Export to PNG, not JPG
PNG supports an alpha channel, which stores transparent and semi-transparent pixels. JPG does not. If you export a transparent SVG as JPG, the transparent area will be filled with a solid color, usually white. That may be acceptable for some documents, but it is not a transparent image.
Keep the canvas background empty
When converting SVG to PNG, the canvas should not be filled before drawing the SVG. If the converter paints white, black, or another color behind the artwork, the exported PNG will no longer be transparent. Choose the transparent background option when you want the alpha channel preserved.
Check for hidden rectangles
Sometimes an SVG appears transparent but actually contains a white rectangle behind the artwork. That rectangle is part of the SVG itself, so a converter will faithfully include it. If your exported PNG has a white box, inspect the SVG source or open it in a vector editor and look for background shapes.

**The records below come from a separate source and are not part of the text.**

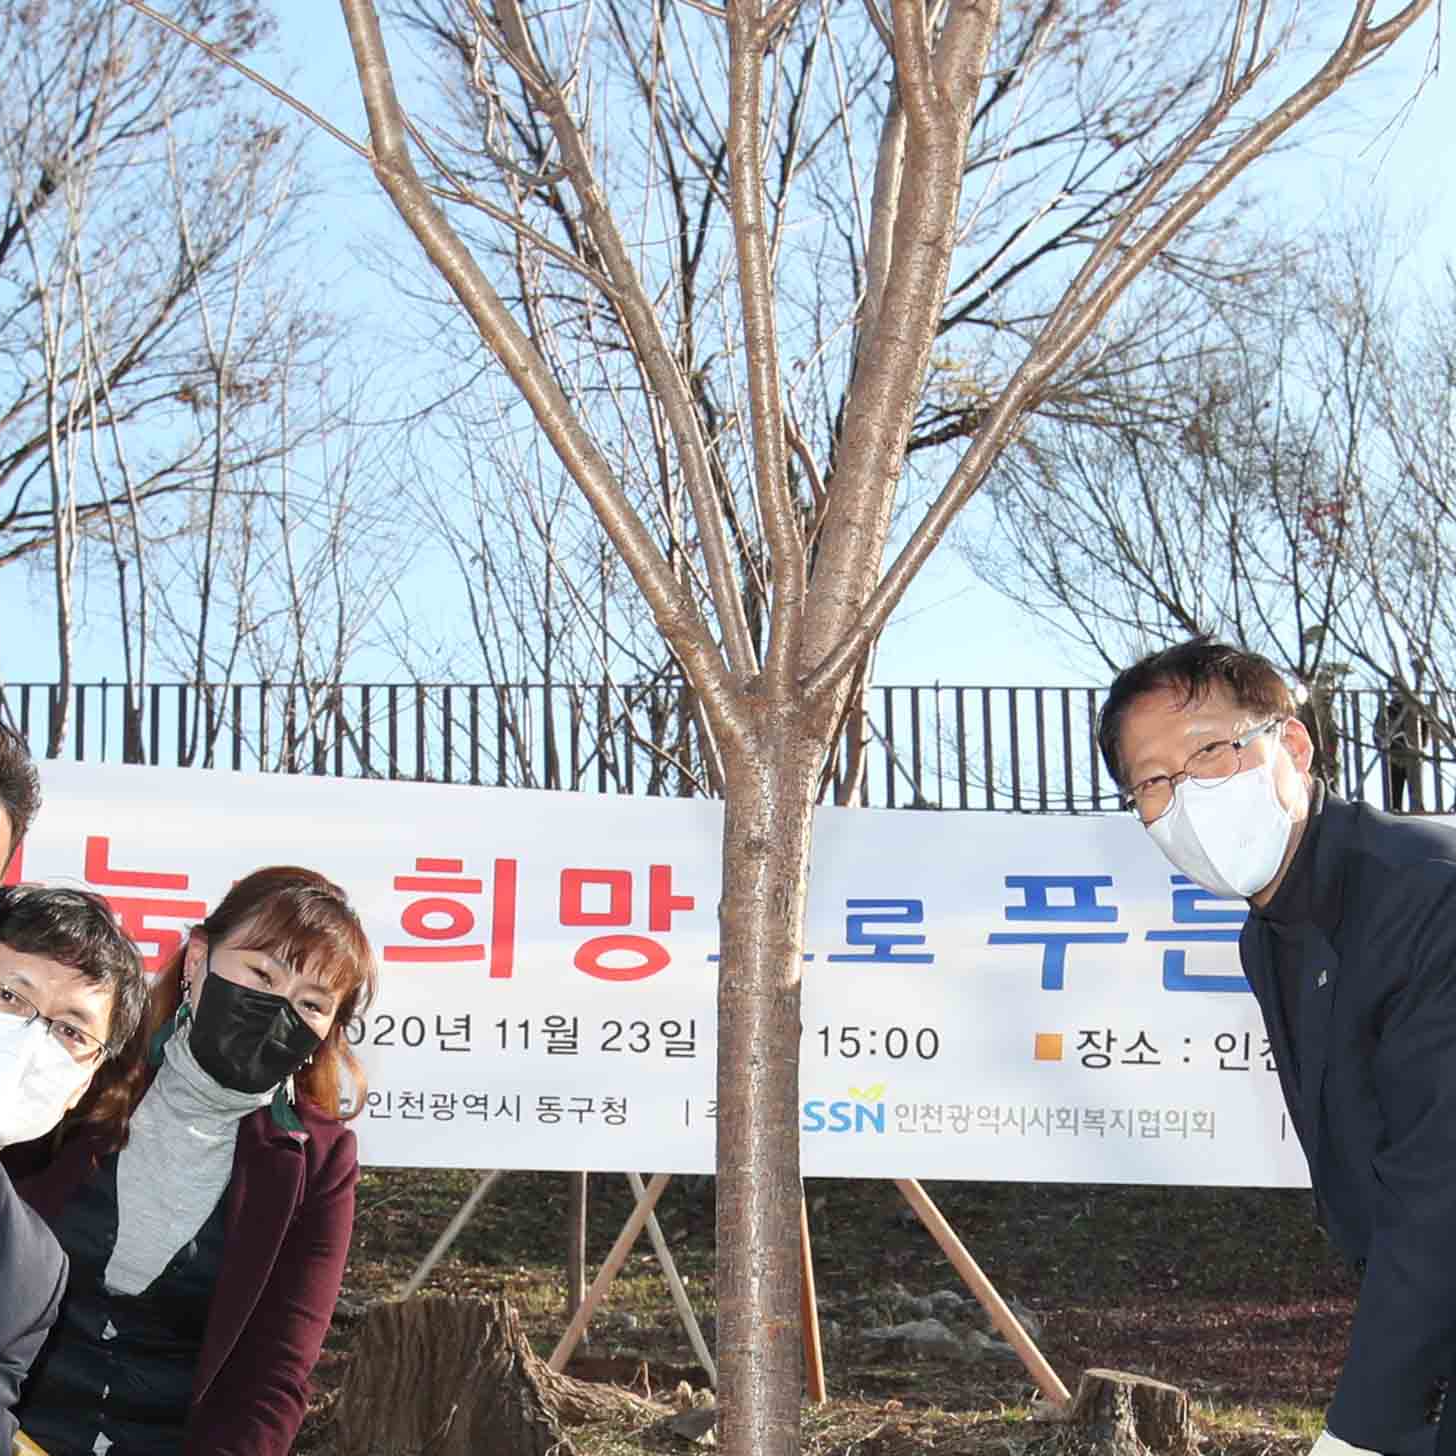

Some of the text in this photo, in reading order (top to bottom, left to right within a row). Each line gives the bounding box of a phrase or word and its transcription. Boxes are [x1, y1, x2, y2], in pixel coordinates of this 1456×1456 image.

[384, 857, 935, 981] 희망로
[344, 1014, 939, 1060] 020년 11월 23일 15:00
[1076, 1029, 1161, 1069] 장소
[366, 1091, 521, 1124] 인천광역시
[535, 1096, 627, 1126] 동구청
[802, 1101, 885, 1134] SSN
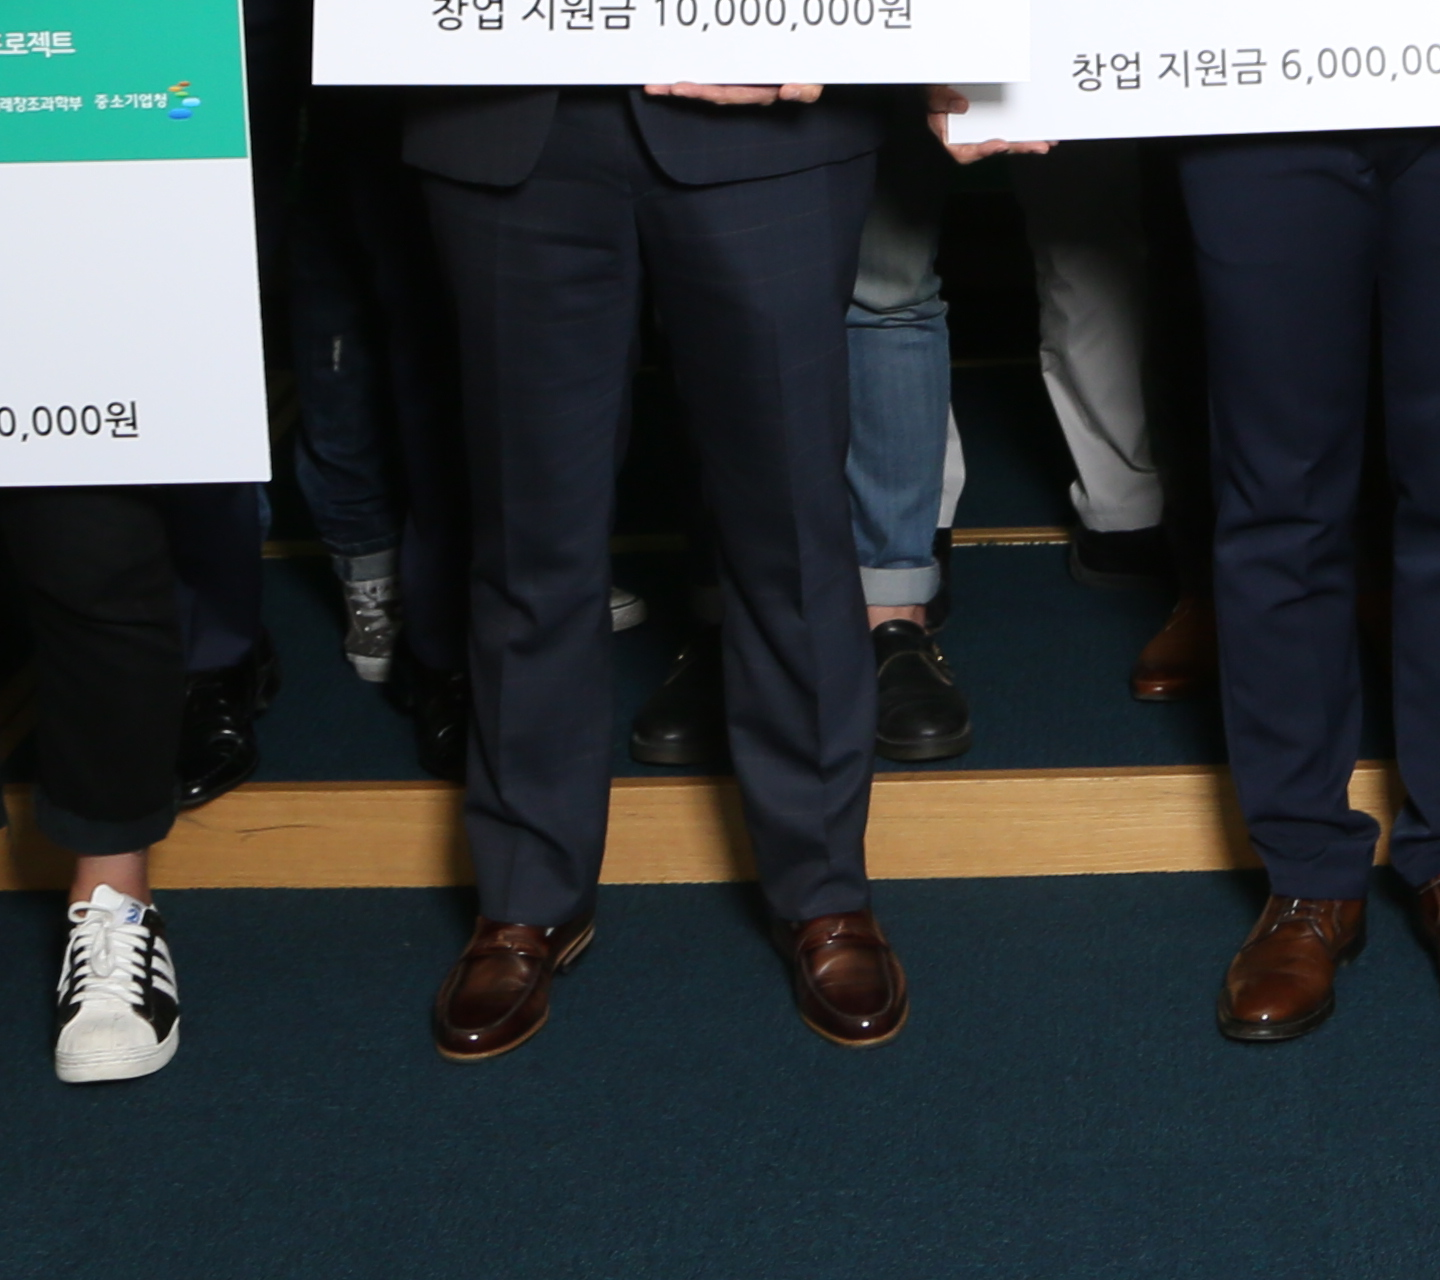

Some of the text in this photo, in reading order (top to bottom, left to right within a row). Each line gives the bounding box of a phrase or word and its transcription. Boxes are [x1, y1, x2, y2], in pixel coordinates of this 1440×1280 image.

[1071, 52, 1143, 92] 창업
[1157, 47, 1268, 89] 지원금
[94, 93, 168, 110] 중소기업청

Use enough resolution for clean edges
Thin strokes and diagonal edges can look rough if the export size is too small. Export at 2x or 3x when the image will be displayed on high-density screens. Then use the image at the intended CSS or layout size. This gives edges more pixels to work with while keeping the visual size controlled.
Preview on multiple backgrounds
A transparent PNG should look good on both light and dark surfaces. After export, test it on white, black, and the actual background where it will be used. This helps reveal unwanted halos, leftover backgrounds, or low-contrast edges.